Torch Consortium FAMPOP Faculty of Medicine and Health Sciences, University of Antwerp, Antwerp, Belgium.
ADReM Data Lab, Department of Computer Science, University of Antwerp, Antwerp, Belgium.
BMC Med Inform Decis Mak. 2022 Mar 2;22(1):56. doi: 10.1186/s12911-022-01790-0.
Personalized medicine tailors care based on the patient's or pathogen's genotypic and phenotypic characteristics. An automated Clinical Decision Support System (CDSS) could help translate the genotypic and phenotypic characteristics into optimal treatment and thus facilitate implementation of individualized treatment by less experienced physicians.

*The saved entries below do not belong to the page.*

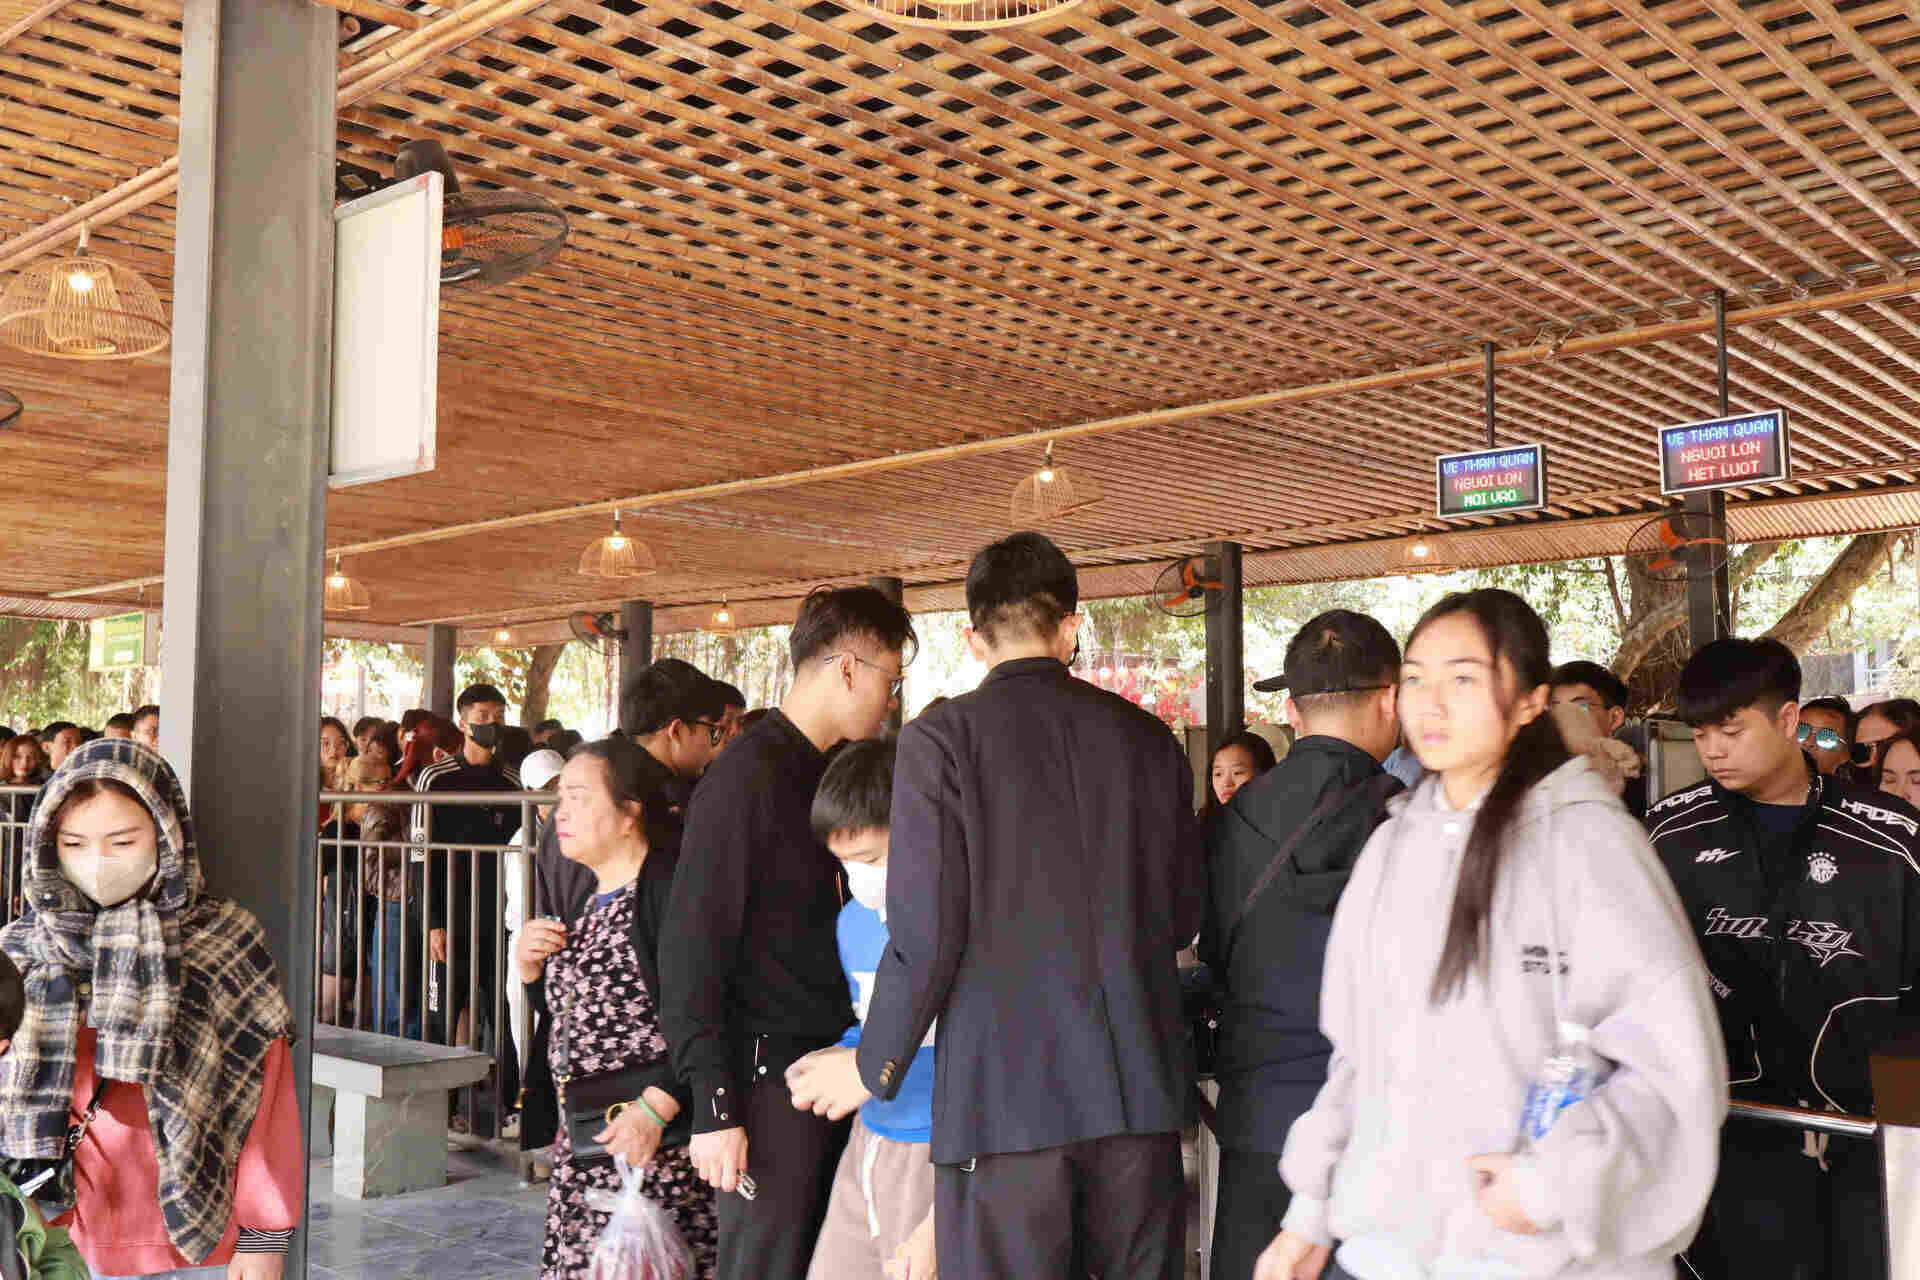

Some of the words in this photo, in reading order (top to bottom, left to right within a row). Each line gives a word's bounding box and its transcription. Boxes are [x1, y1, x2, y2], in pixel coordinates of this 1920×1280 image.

[1691, 425, 1729, 442] THAM
[1733, 418, 1775, 436] QUAN
[1463, 455, 1497, 473] THAM
[1500, 452, 1534, 467] QUAN
[1680, 445, 1728, 464] NGUOI
[1731, 440, 1760, 457] LON
[1496, 470, 1524, 486] LON
[1688, 465, 1718, 481] HET
[1720, 460, 1760, 478] LUOT
[1490, 489, 1517, 504] VAO
[1841, 798, 1919, 836] HADES

We developed a hybrid knowledge- and data-driven treatment recommender CDSS. Stakeholders and experts first define the knowledge base by identifying and quantifying drug and regimen features for the prototype model input. In an iterative manner, feedback from experts is harvested to generate model training datasets, machine learning methods are applied to identify complex relations and patterns in the data, and model performance is assessed by estimating the precision at one, mean reciprocal rank and mean average precision. Once the model performance no longer iteratively increases, a validation dataset is used to assess model overfitting.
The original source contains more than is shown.